Trish Falin
     Trish Falin is a Southern California poet whose work has appeared in the journals Soundings, Penumbra, Welter, Dash, Askew and others. A former news reporter and editor, Trish earned her MFA in Creative Writing Poetry at Antioch University in Los Angeles in June 2009 and completed a collection of poems called Eating Moon for Dinner. Non-fiction work published has included travel books and text books for carpenters in Las Vegas. Trish is the Poetry editor for The Citron Review.

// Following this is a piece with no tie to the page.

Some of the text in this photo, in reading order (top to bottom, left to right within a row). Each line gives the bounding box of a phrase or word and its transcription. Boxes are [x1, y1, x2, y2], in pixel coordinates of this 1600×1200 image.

     Trish writes poems about twisted dolls, broken toys, torn negligees, battered people. She lurks on the corner of Santa Monica and Vine and watches all the lowlifes around her. She stations herself outside the crumbling resorts of yesteryear and meditates on the mischief made and the tears shed up in the pretty honeymoon suite.  This is not poetry of joyous affirmation. It is not a saccharine or banal sitcom, either. Trish writes short gritty poems about lives on the edge, and the pleasures of these pieces come from their perverseness—and the truth that lies just below the surface of this perverseness.  To read Trish´s work is to look through a keyhole and get a glimpse of what we´re not supposed to see. But the more they say we shouldn´t look, the more we want to, the more we need to. This is necessary poetry.

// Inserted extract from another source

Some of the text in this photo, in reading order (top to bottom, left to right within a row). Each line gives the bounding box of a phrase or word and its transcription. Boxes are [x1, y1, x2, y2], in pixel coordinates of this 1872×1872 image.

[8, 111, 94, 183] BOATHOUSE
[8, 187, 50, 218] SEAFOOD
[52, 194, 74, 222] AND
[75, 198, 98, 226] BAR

        He  Might Have Been a Bee Once

        What is it about this man who sees a woman in red
then gives her a line, gives her pots of geraniums,
suffers with her on an afternoon alone,
bends her body over green plumage on a balcony
waters the plants,
as if his hand is holding the hose
while cars along 405 hum like bees.
He kisses her ears, the soft sweet
Canyon Sunflower’s yellow heart.
He whispers simple pleasure, his voice stretches out
to root somewhere inside her,
plunging into the mandala of each smile.
She records his words in her guidebook.
She sings of flowers, pulls down Purple Nightshade,
thinking of Wild Radish and Blue Eyed grass,
but not Prickly Flox. Does it matter what they're called?

Some Kind of Wild

It pounds against your chest,

cuts circles inside your desert,

 runner at rest, horse at start gate,

dog sniffing rabbit.

Some kind of rush streams through blood

a flash flood to sweep everything I am—
old photos, empty bottles and car parts—

down river like some kind of delicious disaster

I drink, chug air, a wind hauling body parts;
stop breathing, skin barely contains.
In skin, on skin, canvas of next masterpiece,
I want to paint over until perfection
or a more beautiful imperfection appears.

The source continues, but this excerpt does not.